La izquierda nunca pudo digerir que fuera la derecha aliada de los grandes grupos de presión y enemiga de los trabajadores la que le diera la vuelta a "la única política económica posible" de González y Solchaga y redujera el déficit público recortando impuestos y creara empleo liberalizando el mercado laboral. Tampoco que ese hombre sin carisma y prestigio internacional (al lado del conocido estadista González) fuera el que se sentara al lado de la primera potencia mundial, Estados Unidos, y de una de las grandes potencias europeas, Reino Unido, en una iniciativa conjunta para extender la democracia a Oriente Medio empezando por Irak (país en el que ya pueden celebrarse elecciones para elegir a los poderes del Estado).
De ahí que en 2003, aprovechando la guerra contra Sadam Hussein, la izquierda llevara a cabo una de las mayores campañas de difamación –contra el PP y especialmente contra Aznar– de la historia de nuestro país. En buena medida, todavía hoy perdura el odio que se gestó en aquel entonces y la figura de Aznar, en lugar de asociarse con años de prosperidad y oportunidades, va ligada para muchos a quienes Zapatero ha dejado sin empleo, a las de opresión y tinieblas.
Luego hay quienes se sorprenden de que el ex presidente proteste del trato recibido y de que reaccione con gestos más o menos acertados contra quienes lo injurian. Consideran que Aznar es justo merecedor de tales calificativos y que su única respuesta lícita es aceptarlos estoicamente. En cambio, esos mismos, ven por ejemplo normal que González tache de "fachas" y de "herederos de la Inquisición" a quienes osan criticarlo y cuestionar sus años de gobierno.

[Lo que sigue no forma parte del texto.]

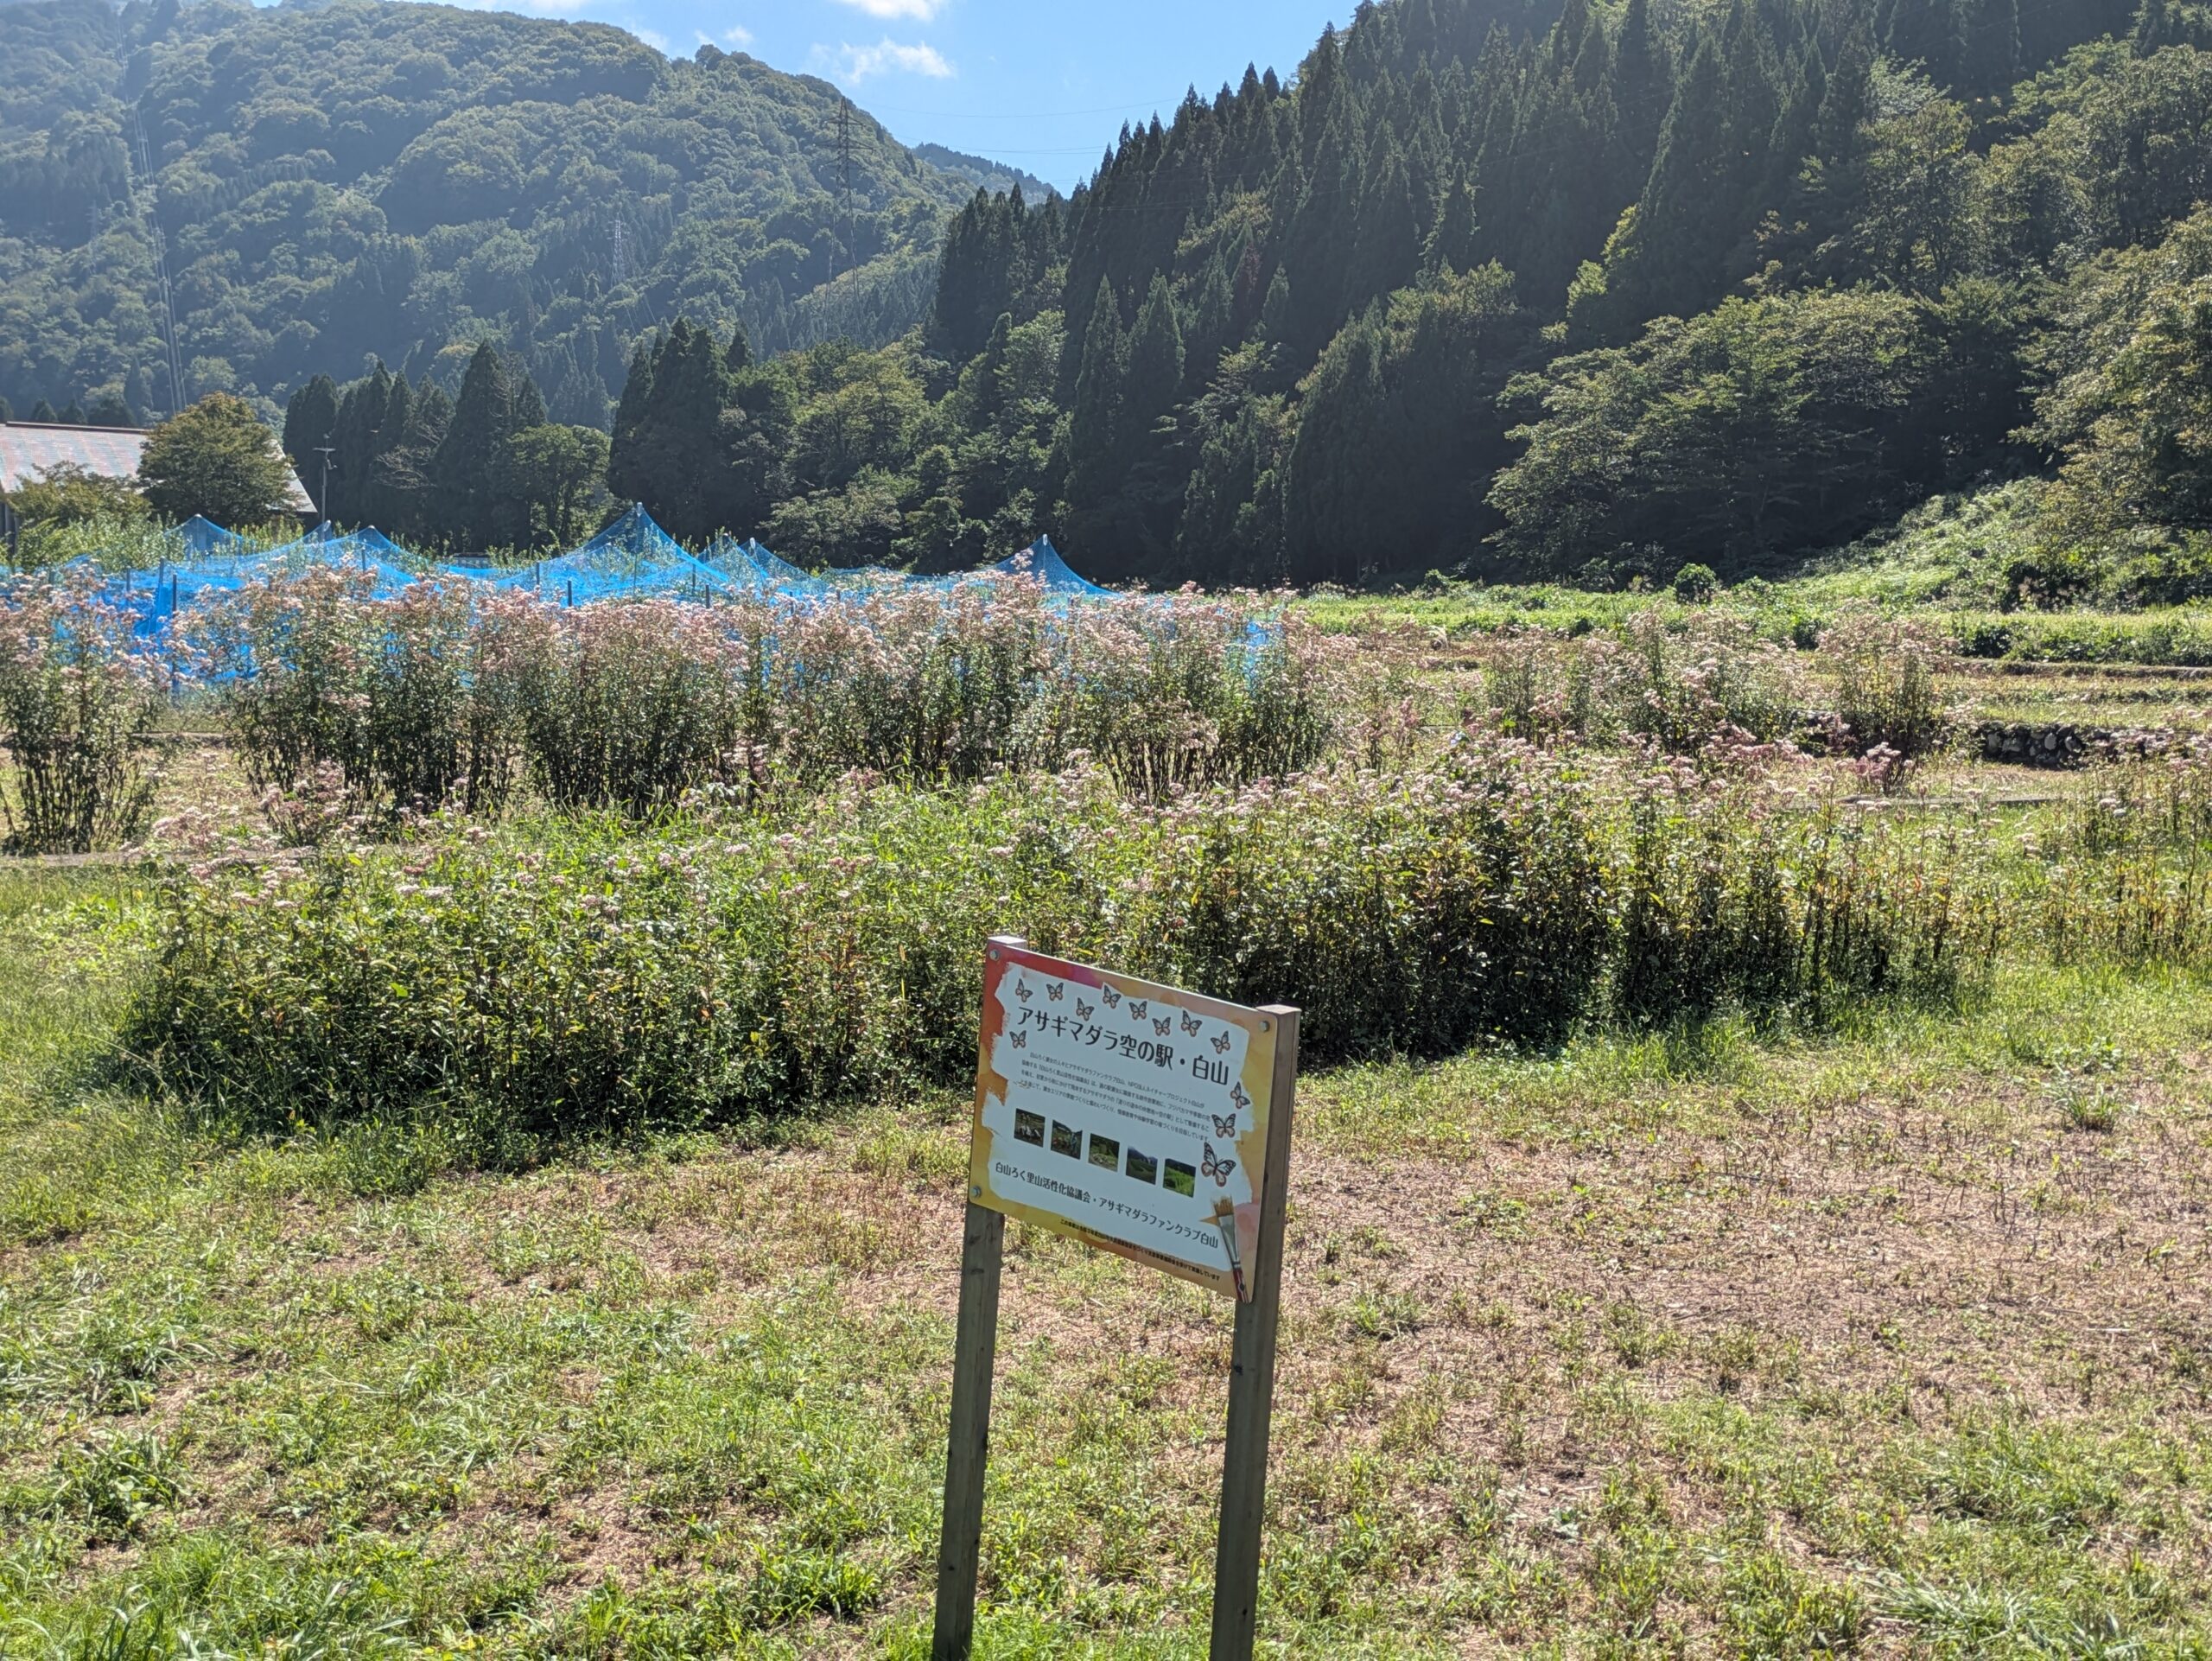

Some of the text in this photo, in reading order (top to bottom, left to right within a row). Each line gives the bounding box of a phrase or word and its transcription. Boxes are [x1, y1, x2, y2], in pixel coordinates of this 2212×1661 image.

[1018, 1007, 1229, 1085] アサギマダラ空の駅・白山
[996, 1162, 1217, 1248] 白山ろく里山活性化協議会・アサギマダラファンクラブ白山

Es el mismo doble rasero que denunciábamos al principio: toda crítica a la izquierda es vista como un exceso de radicales totalitarios, mientras que el insulto a la derecha se considera una manifestación de la libertad de expresión. Tal es así que los mismos que se manifestaban contra Aznar por auxiliar a Estados Unidos e Inglaterra en la guerra para liberar Irak prefieren quedarse en casa antes que protestar por la presencia de España en una guerra, la de Afganistán, en la que el Gobierno de Zapatero ni ha definido los objetivos ni ha dotado de medios a las tropas y en la que, como consecuencia, ya han muerto decenas de soldados españoles.
Las guerras malas son las de la derecha –las de Aznar y Bush– y las guerras buenas las de la izquierda –las de Zapatero y Obama. Por eso mismo, "los intelectuales" de izquierdas tampoco dudan a la hora de justificar y avalar las "guerras" que sus dictaduras, las de izquierdas, emprenden contra su población –"delincuentes comunes"– bajo la excusa de facilitar el camino a la revolución. También para ellos existen, como denunciara Revel, dictaduras buenas y dictaduras malas.
Parece que al final todo es cuestión de retorcer los argumentos y las consignas para lograr imponer sus prejuicios y obsesiones ideológicas. Dicho de otra manera, para una parte de la sociedad española, la izquierda sigue gozando de bula en todas partes porque consideran que más importante que la libertad es no reconocer su complicidad con una de las ideologías más horrendas de la historia. Por ello siguen avalando todos los excesos de sus políticos y denigrando hasta extremos ridículos a todo lo que suponga una superior alternativa a sus torcidos principios y propuestas.